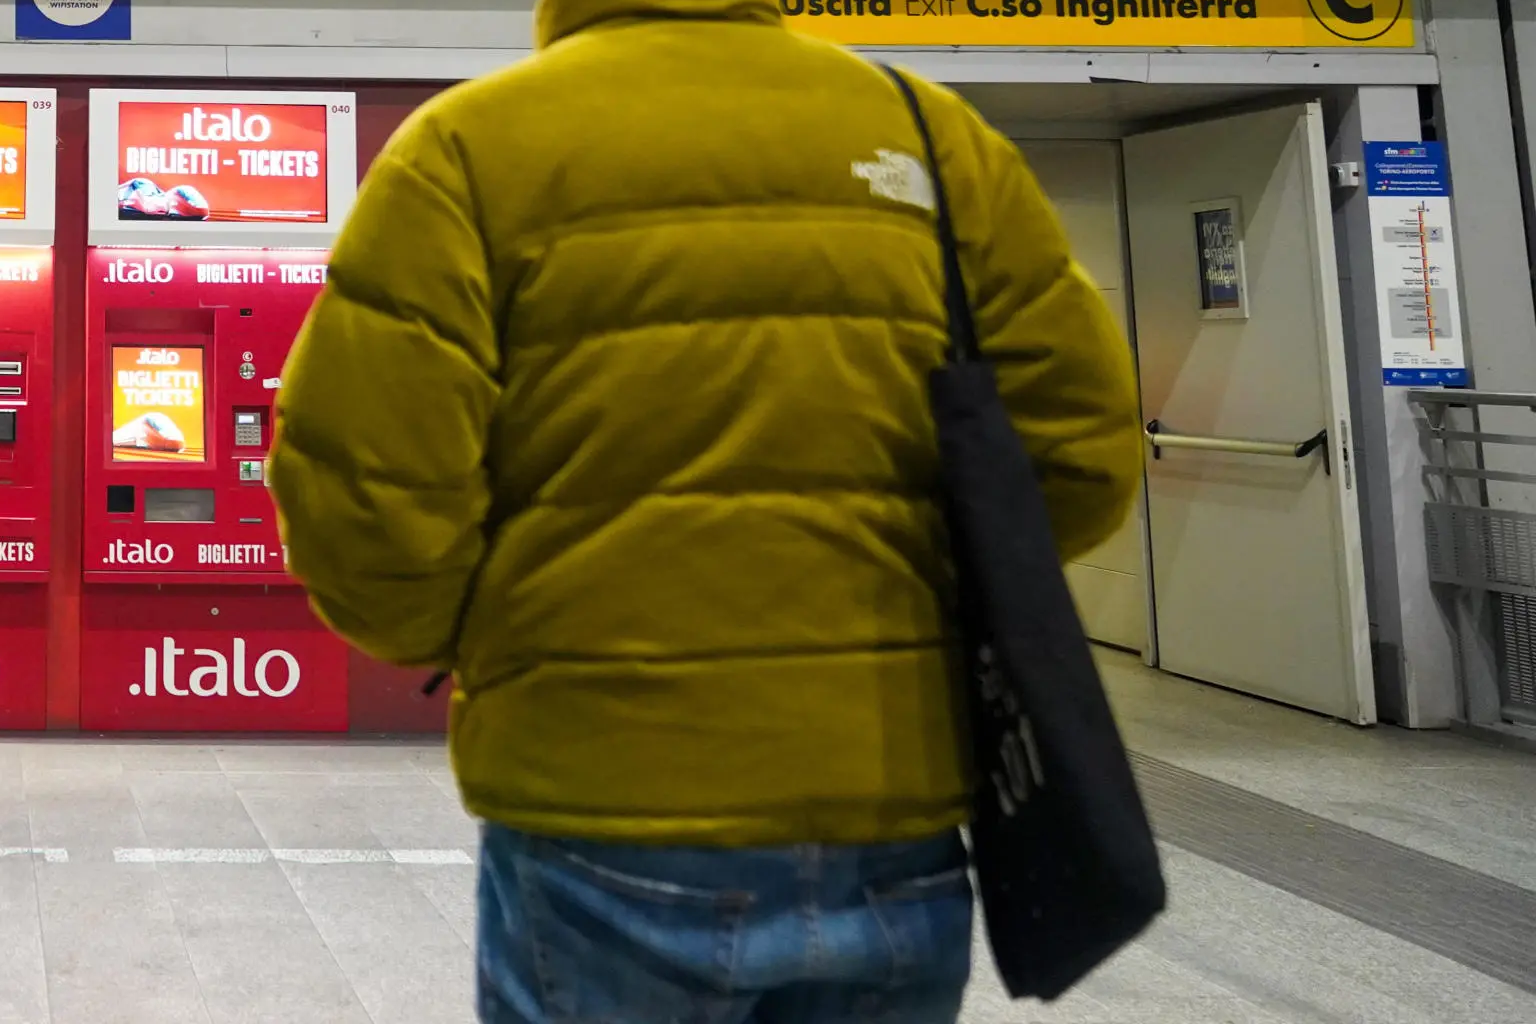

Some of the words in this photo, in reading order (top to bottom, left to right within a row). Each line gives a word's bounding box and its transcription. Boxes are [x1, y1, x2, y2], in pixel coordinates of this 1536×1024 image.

[32, 100, 52, 110] 039
[331, 105, 350, 114] 040
[126, 147, 218, 175] BIGLIETTI
[238, 149, 318, 177] TICKETS
[197, 264, 264, 283] BIGLIETTI
[117, 371, 199, 388] BIGLIETTI
[124, 388, 194, 406] TICKETS
[198, 544, 265, 564] BIGLIETTI
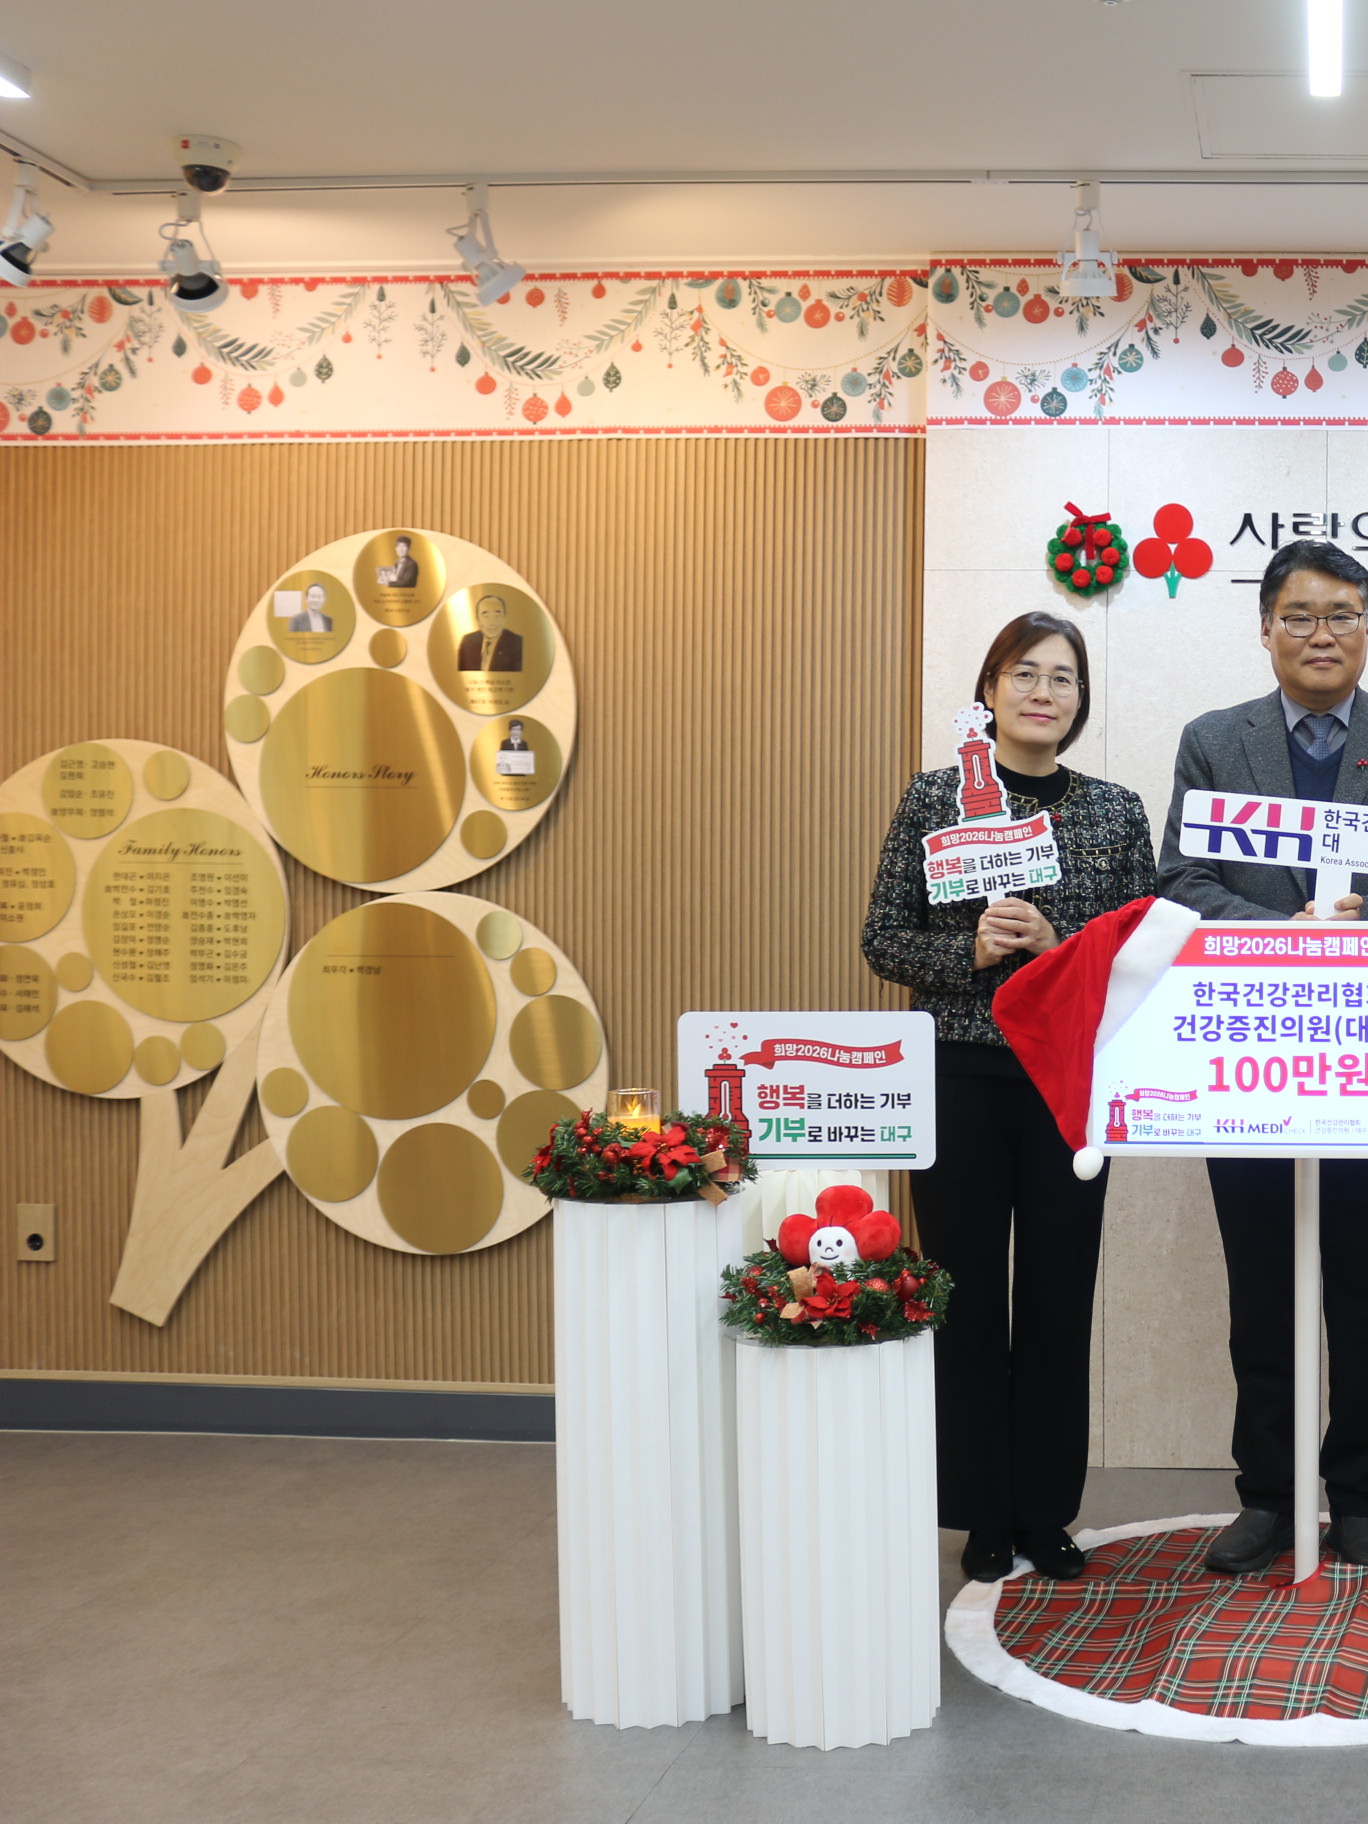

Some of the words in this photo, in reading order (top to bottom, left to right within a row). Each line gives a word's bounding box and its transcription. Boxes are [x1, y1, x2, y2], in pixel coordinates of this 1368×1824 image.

[305, 765, 365, 780] Honors
[940, 825, 1033, 847] 희망2026나눔캠페인
[1183, 797, 1316, 862] KH
[118, 839, 180, 862] Family
[183, 842, 241, 857] Honors
[927, 856, 977, 880] 행복을
[979, 851, 1022, 871] 더하는
[1026, 843, 1055, 862] 기부
[1320, 855, 1343, 867] Korea
[930, 877, 980, 900] 기부로
[982, 872, 1026, 892] 바꾸는
[1029, 865, 1058, 884] 대구
[773, 1043, 886, 1064] 희망2026나눔캠페인
[756, 1083, 822, 1110] 행복을
[826, 1092, 876, 1110] 더하는
[879, 1092, 912, 1110] 기부
[1131, 1108, 1161, 1121] 행복을
[1162, 1113, 1185, 1121] 더하는
[1187, 1113, 1202, 1121] 기부
[758, 1117, 823, 1143] 기부로
[827, 1126, 876, 1143] 바꾸는
[880, 1125, 913, 1143] 대구
[1131, 1124, 1161, 1137] 기부로
[1162, 1128, 1185, 1137] 바꾸는
[1186, 1128, 1202, 1137] 대구
[1213, 1118, 1245, 1134] KH
[1247, 1123, 1283, 1134] MEDI
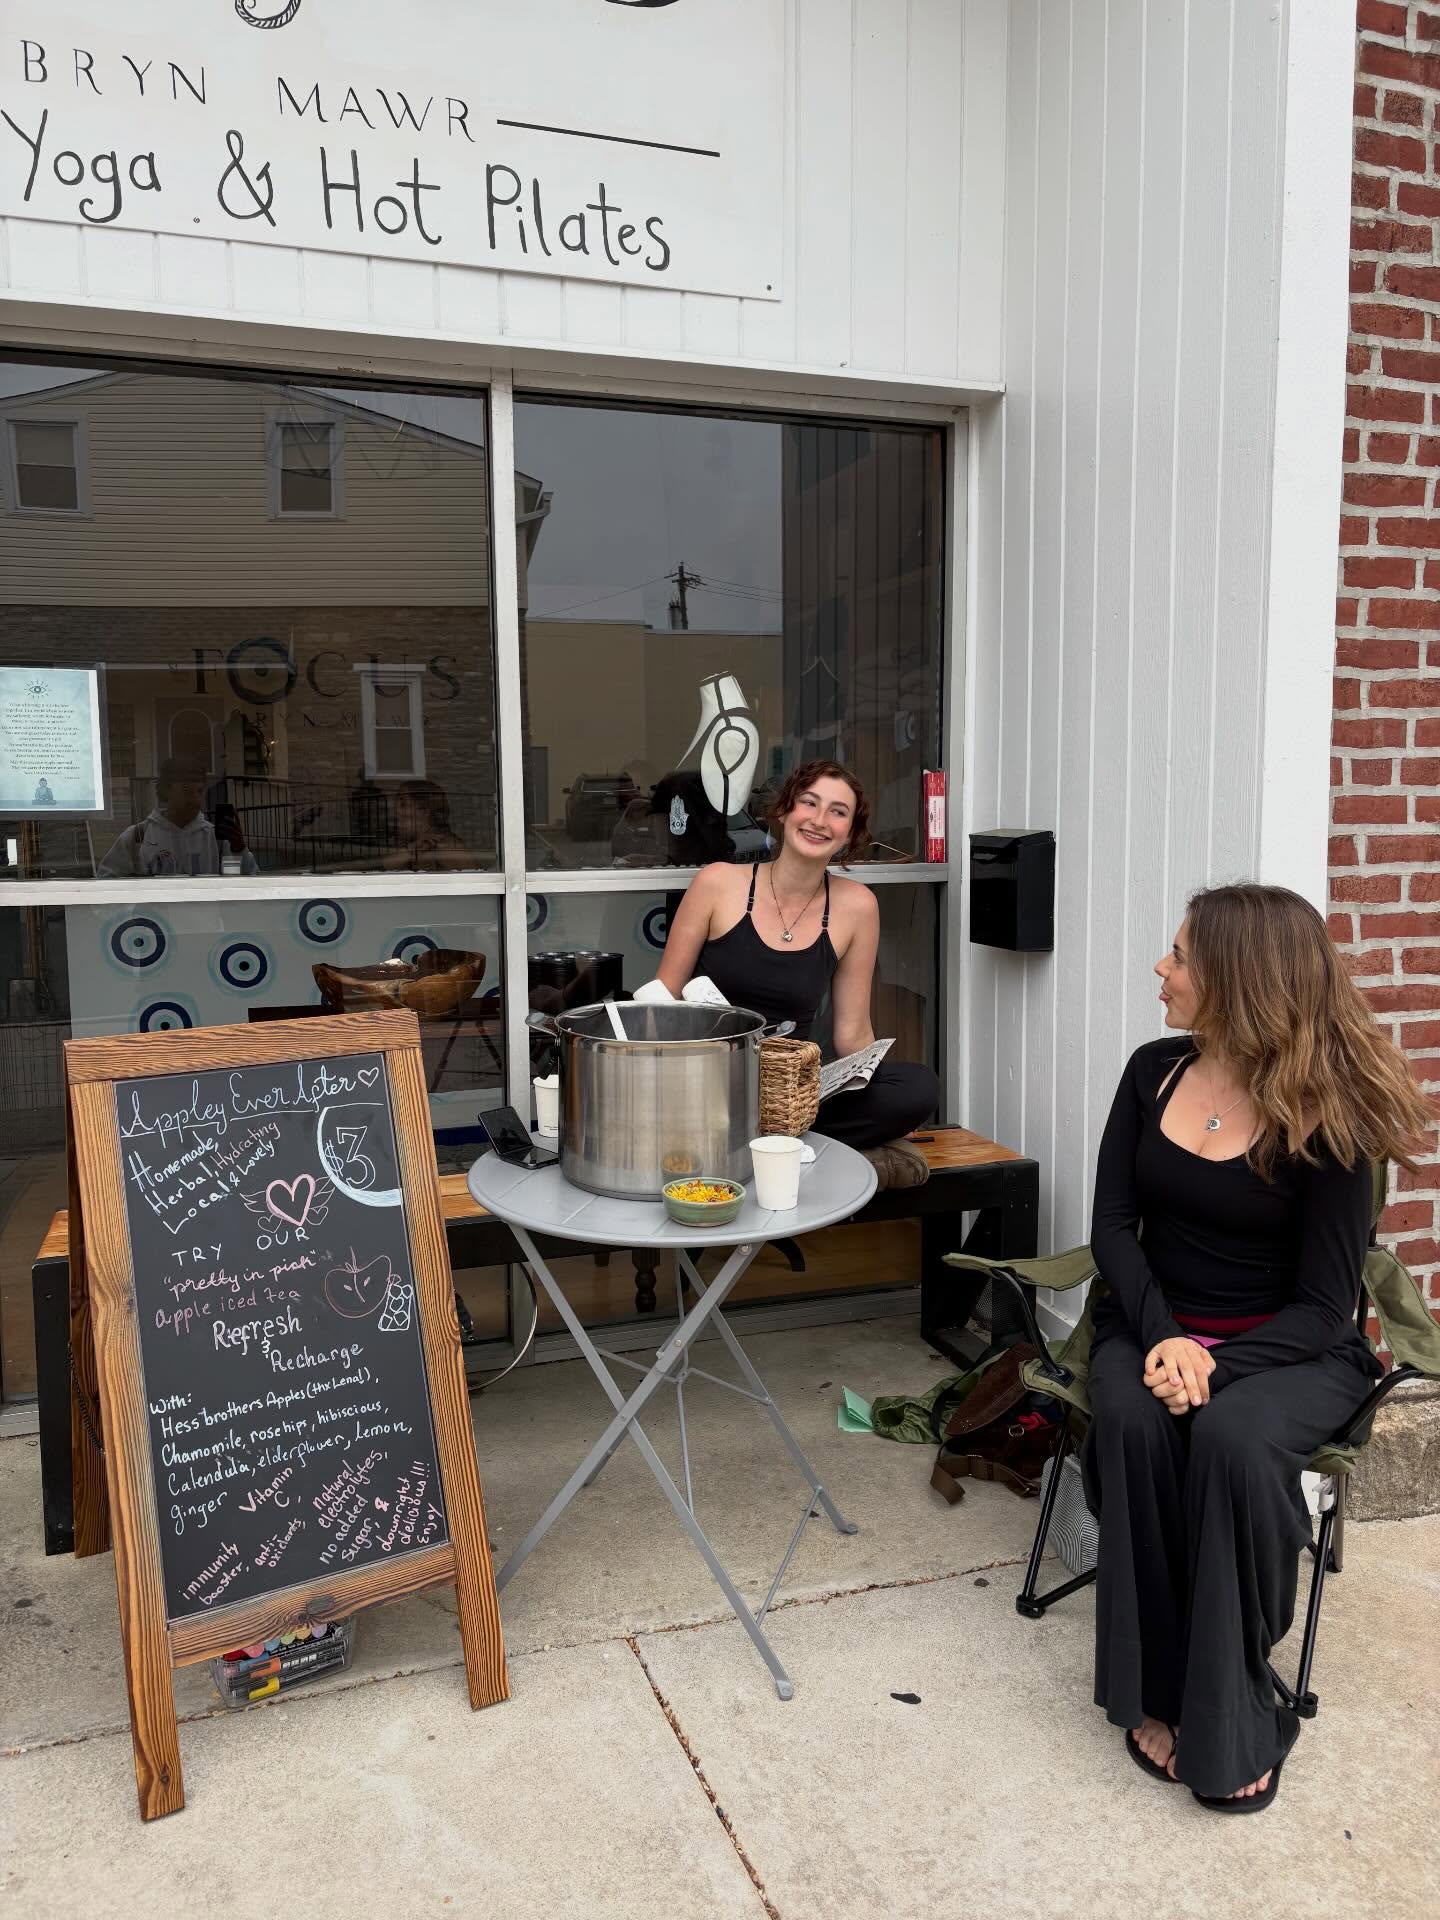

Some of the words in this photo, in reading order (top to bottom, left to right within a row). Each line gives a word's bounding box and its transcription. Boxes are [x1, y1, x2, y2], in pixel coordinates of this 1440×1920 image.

[20, 39, 207, 104] BRYN
[277, 77, 475, 143] MAWR
[0, 109, 161, 223] Yoga
[217, 129, 276, 227] &
[320, 146, 441, 245] Hot
[486, 163, 670, 271] Pilates
[229, 1073, 289, 1113] Ever
[293, 1063, 357, 1113] After
[171, 1243, 222, 1266] TRY
[256, 1227, 310, 1250] OUR
[219, 1288, 257, 1312] iced
[243, 1268, 265, 1283] in
[212, 1304, 303, 1356] Refresh
[269, 1343, 364, 1373] Recharge
[160, 1416, 200, 1439] Hess
[198, 1402, 264, 1426] brothers
[312, 1459, 355, 1511] natural
[171, 1491, 228, 1535] ginger
[319, 1543, 338, 1565] no
[335, 1494, 369, 1541] added
[376, 1476, 413, 1552] downright
[178, 1541, 240, 1600] immunity

☆ ☆ ☆

What you should do » From the line holding "this 1440×1920 image." to the last line of the data above, copy every line exactly and include nothing more.

Problem solution »
Some of the words in this photo, in reading order (top to bottom, left to right within a row). Each line gives a word's bounding box and its transcription. Boxes are [x1, y1, x2, y2], in pixel coordinates of this 1440×1920 image.

[20, 39, 207, 104] BRYN
[277, 77, 475, 143] MAWR
[0, 109, 161, 223] Yoga
[217, 129, 276, 227] &
[320, 146, 441, 245] Hot
[486, 163, 670, 271] Pilates
[229, 1073, 289, 1113] Ever
[293, 1063, 357, 1113] After
[171, 1243, 222, 1266] TRY
[256, 1227, 310, 1250] OUR
[219, 1288, 257, 1312] iced
[243, 1268, 265, 1283] in
[212, 1304, 303, 1356] Refresh
[269, 1343, 364, 1373] Recharge
[160, 1416, 200, 1439] Hess
[198, 1402, 264, 1426] brothers
[312, 1459, 355, 1511] natural
[171, 1491, 228, 1535] ginger
[319, 1543, 338, 1565] no
[335, 1494, 369, 1541] added
[376, 1476, 413, 1552] downright
[178, 1541, 240, 1600] immunity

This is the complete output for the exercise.